Well I would surprised if it doesn't affect the flavor - don't forget all that oxidized metal that used to be in that pot is now in your wine. Time will tell. Aluminum used to be the standard material for most cooking pots and pans especially at big cafeterias. (I remember that from my college cafeteria work days - but now with the understanding that we have about how acids and various things in our foods can cause leeching out of metal from Aluminum, I hope all those pots are being retired to non-food use. Note that I'm not certain if the link of Aluminum to Alzeheimers has been firmly established but I know that the use of Aluminum in cooking is dropping.


----------



## Stressbaby (Sep 21, 2016)

Scooter68 said:


> Well I would surprised if it doesn't affect the flavor - don't forget all that oxidized metal that used to be in that pot is now in your wine. Time will tell. Aluminum used to be the standard material for most cooking pots and pans especially at big cafeterias. (I remember that from my college cafeteria work days - but now with the understanding that we have about how acids and various things in our foods can cause leeching out of metal from Aluminum, I hope all those pots are being retired to non-food use. Note that I'm not certain if the link of Aluminum to Alzeheimers has been firmly established but I know that the use of Aluminum in cooking is dropping.

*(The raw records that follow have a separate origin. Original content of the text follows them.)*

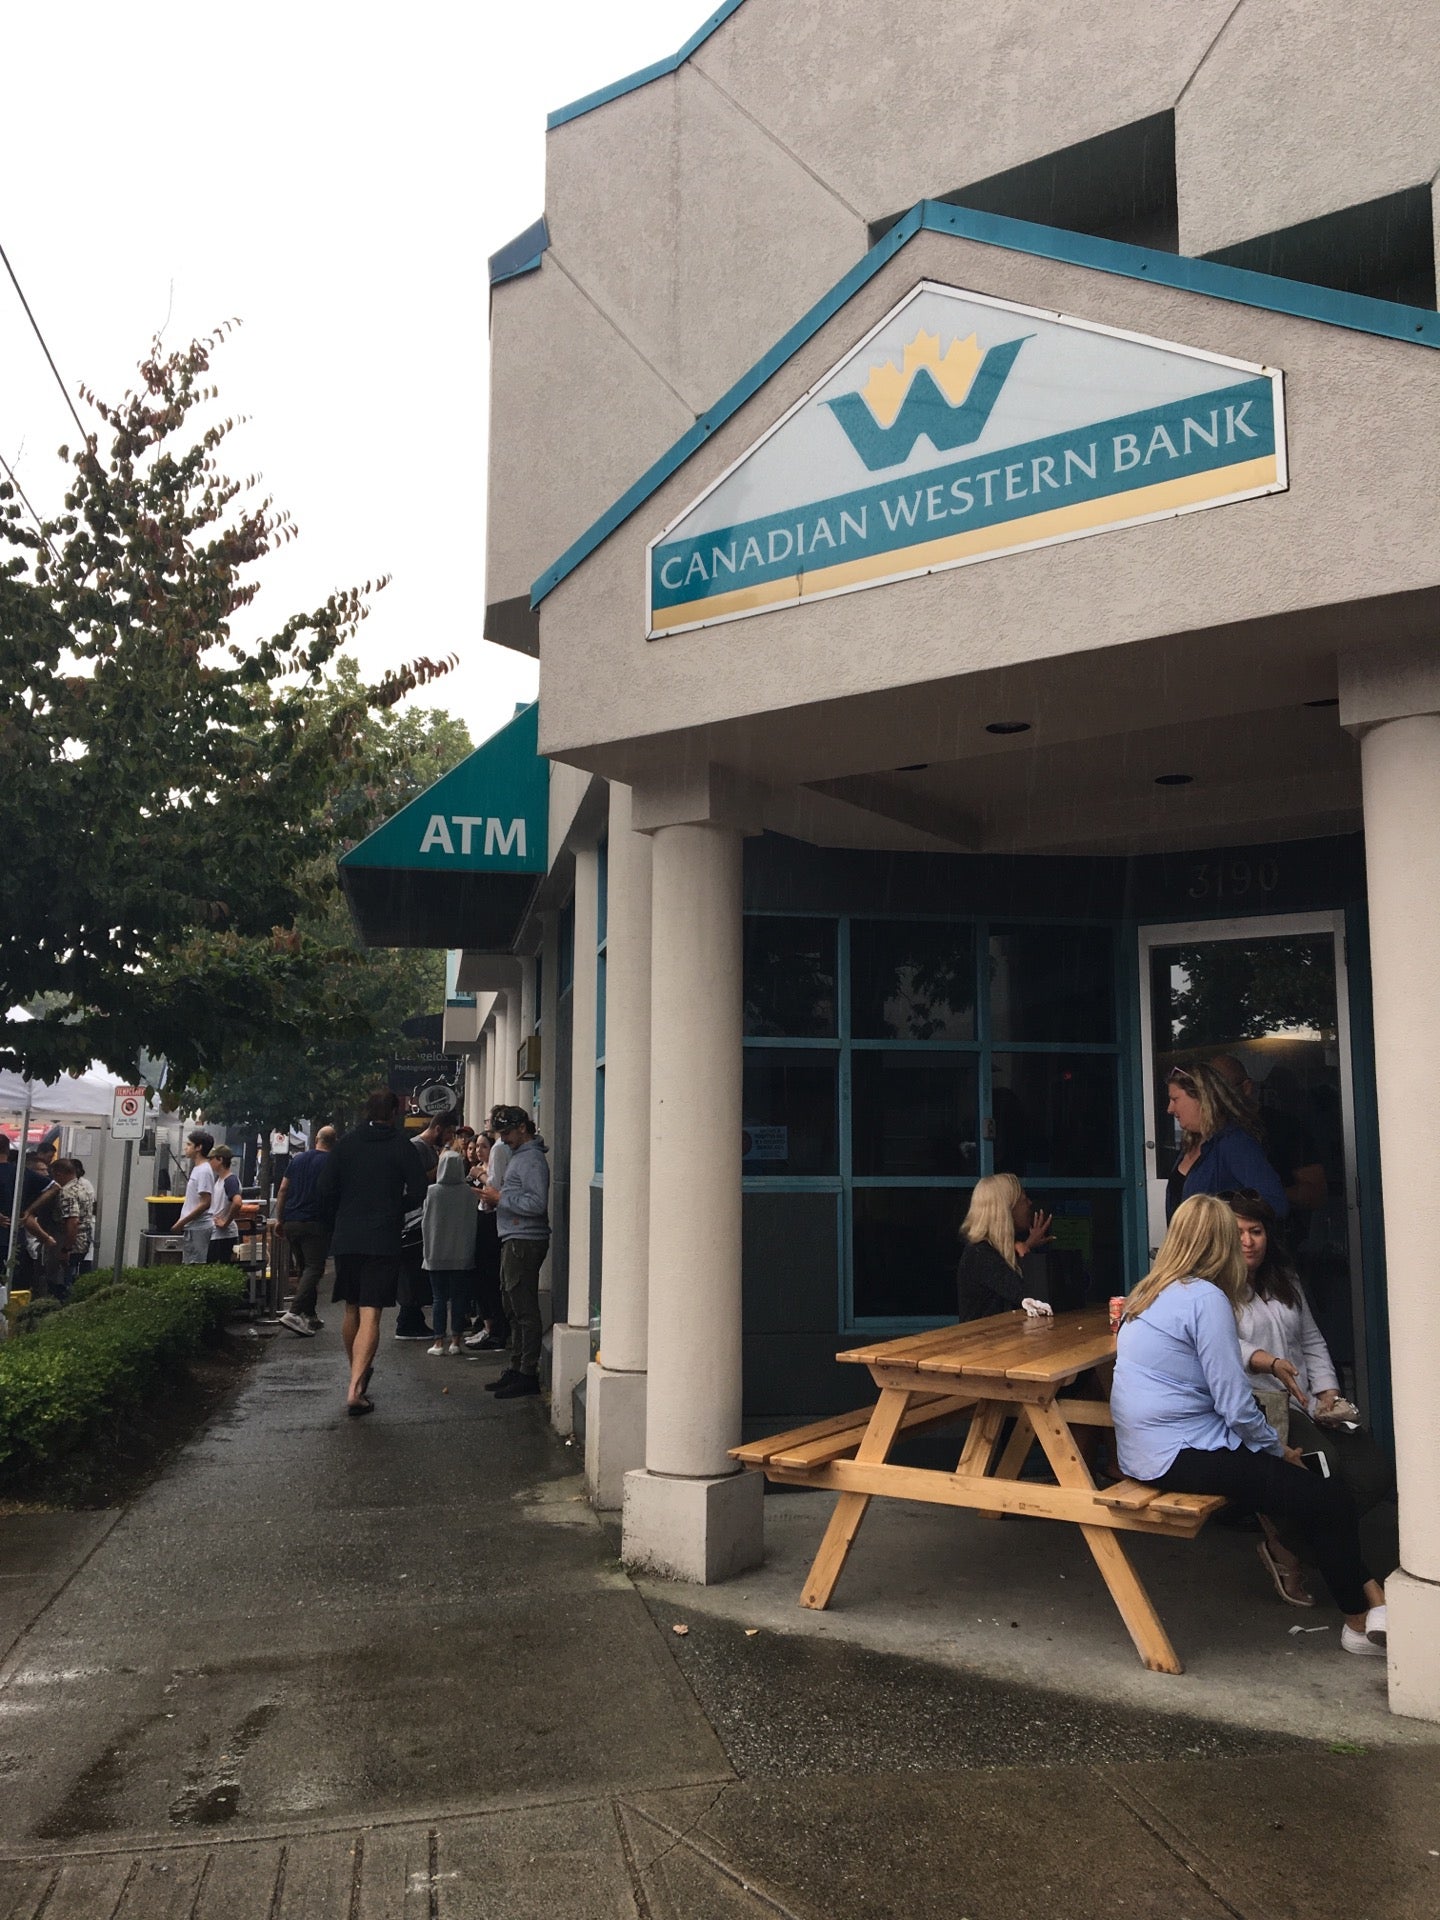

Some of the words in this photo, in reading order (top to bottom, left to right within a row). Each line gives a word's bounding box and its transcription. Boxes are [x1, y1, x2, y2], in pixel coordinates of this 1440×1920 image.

[660, 505, 868, 590] CANADIAN
[879, 442, 1097, 532] WESTERN
[1112, 400, 1259, 474] BANK
[418, 814, 527, 857] ATM
[1186, 859, 1280, 899] 3190
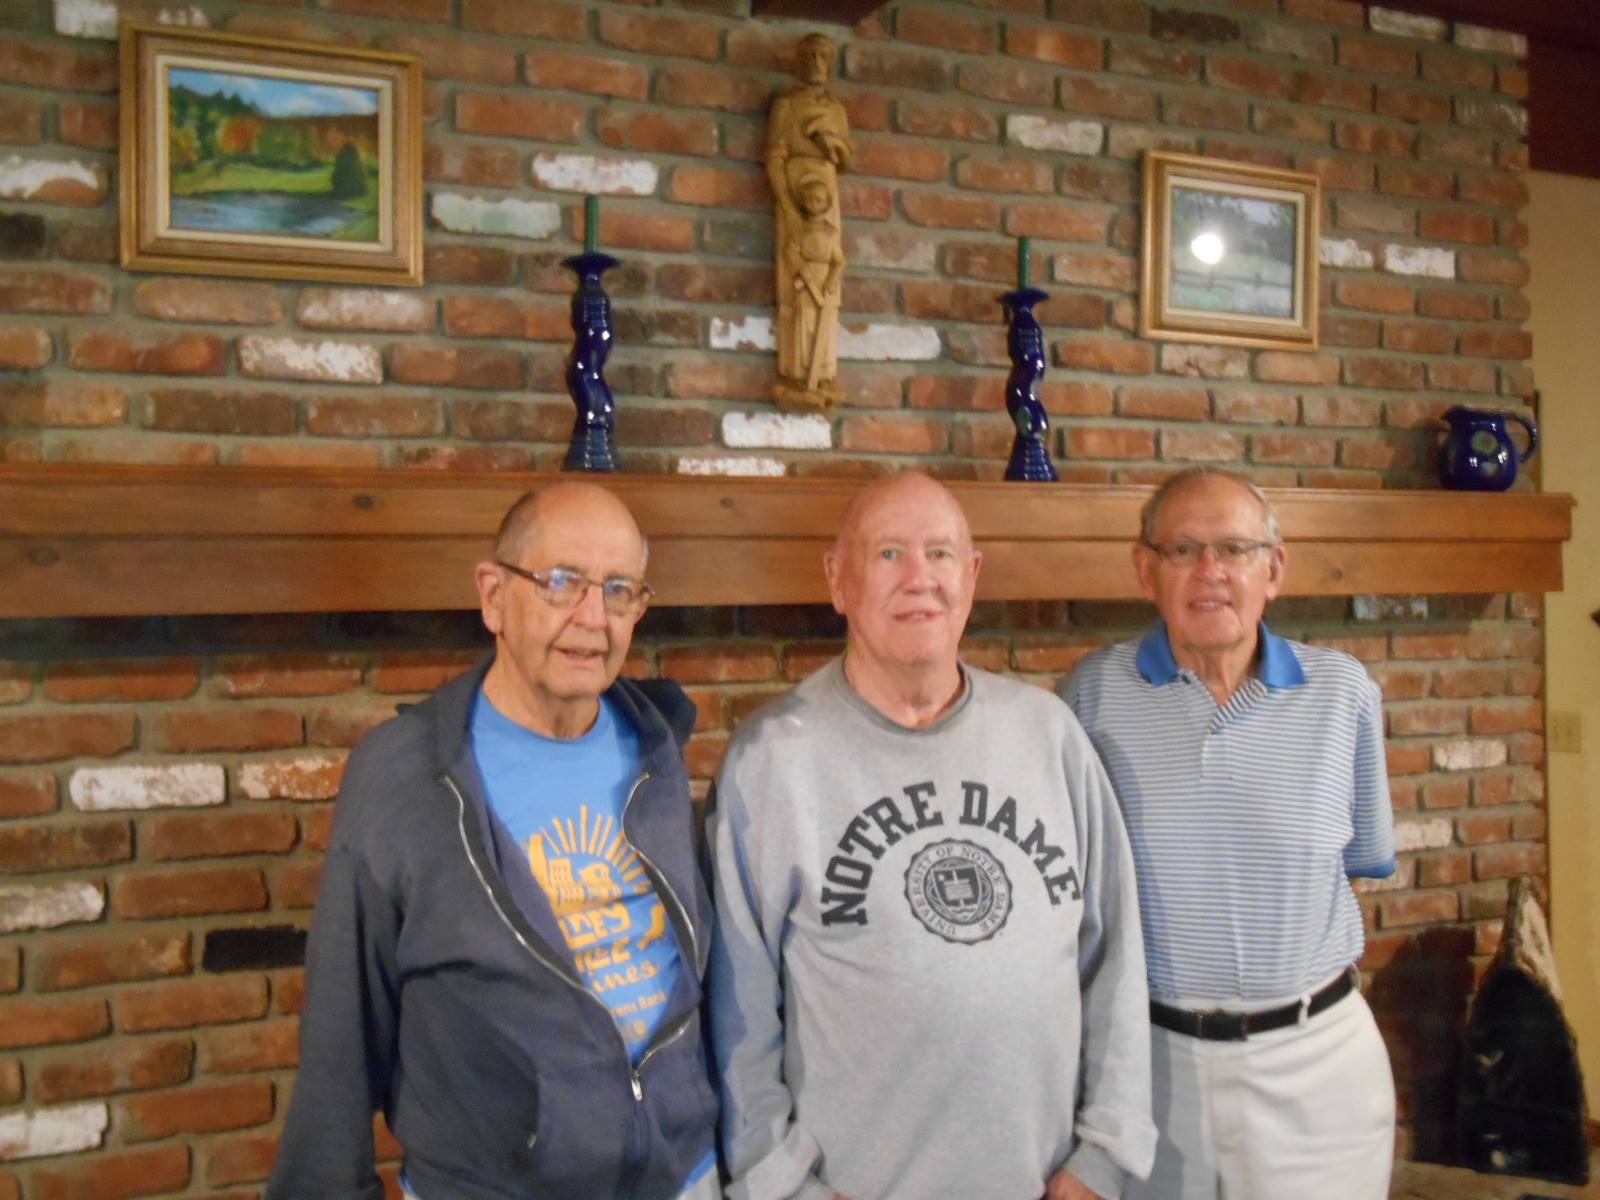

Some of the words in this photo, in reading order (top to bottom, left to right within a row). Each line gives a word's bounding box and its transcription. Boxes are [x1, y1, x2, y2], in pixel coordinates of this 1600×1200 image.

[820, 781, 944, 926] NOTRE
[959, 780, 1083, 906] DAME
[936, 846, 954, 858] OF
[961, 847, 1001, 883] NOTRE
[911, 853, 957, 935] UNIVERSITY
[979, 892, 1006, 933] DAME
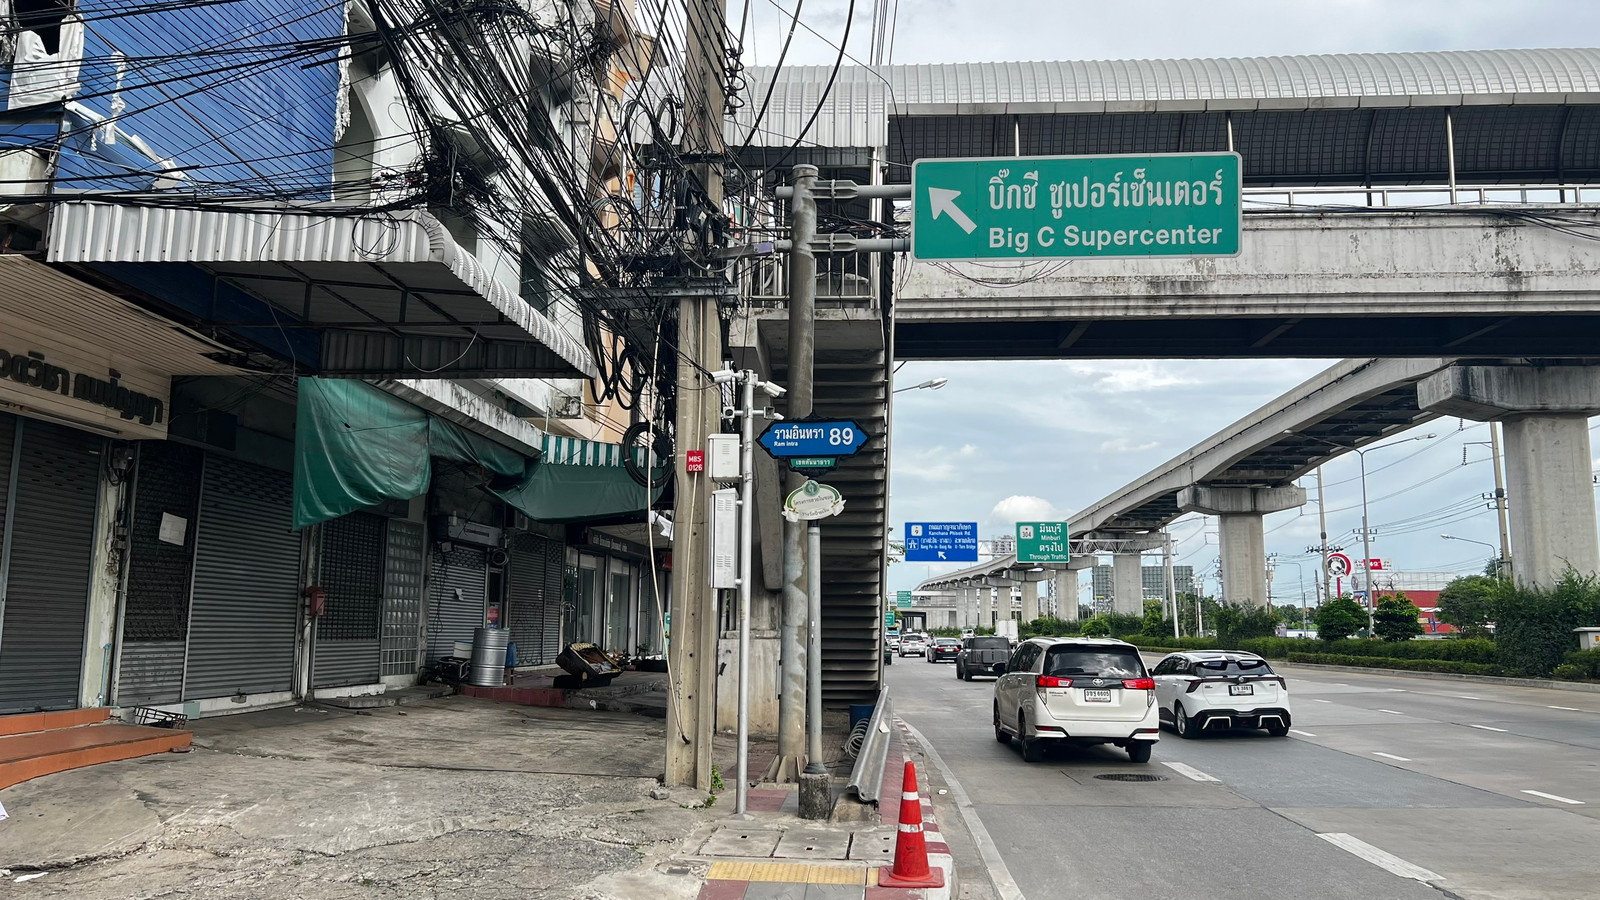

The aluminum-Alzheimer's connection was proposed in the 1970's, but this idea has long since been debunked.


----------



## Cxwgfamily (Sep 21, 2016)

Stress baby and Scotter68,

Thanks for the quick reply. I did find some research online about citric acid and aluminum pots leaching aluminum into the liquid. But the research was done on a 1% citric acid solution. My citric acid addition yielded around a 0.02% citric acid solution. I feel the same as y'all do, probably an adverse impact but how much is the question. I have my fingers crossed and decided to continue. I will keep you posted.


----------



## Floandgary (Sep 21, 2016)

The wine juices alone would have sufficient acids to have an affect on aluminum. Whether it would be of sufficient quantity as to pose a health issue or not might be debatable. After all, most of the elder generation here are known to have munched on coal or some other earthly substance in the early years!!! I think you'd have to have a sensitively tuned taste/nose to detect/distinguish an Aluminum presence. Go to a discount store and snag a Stainless Steel or even glass vessel for your dissolving operations.


----------



## wineforfun (Sep 21, 2016)

Just dump the sugar in the primary and stir until dissolved. This is how I do all my ferments. No need to boil to break down.


----------



## Scooter68 (Sep 21, 2016)

Lack of connection or tenative unproven to connect Aluminum to Alzhiemer's aside - The issue is as other have mentioned - aluminum is not a great material for any mix that contains acids flavor change is the greatest concern.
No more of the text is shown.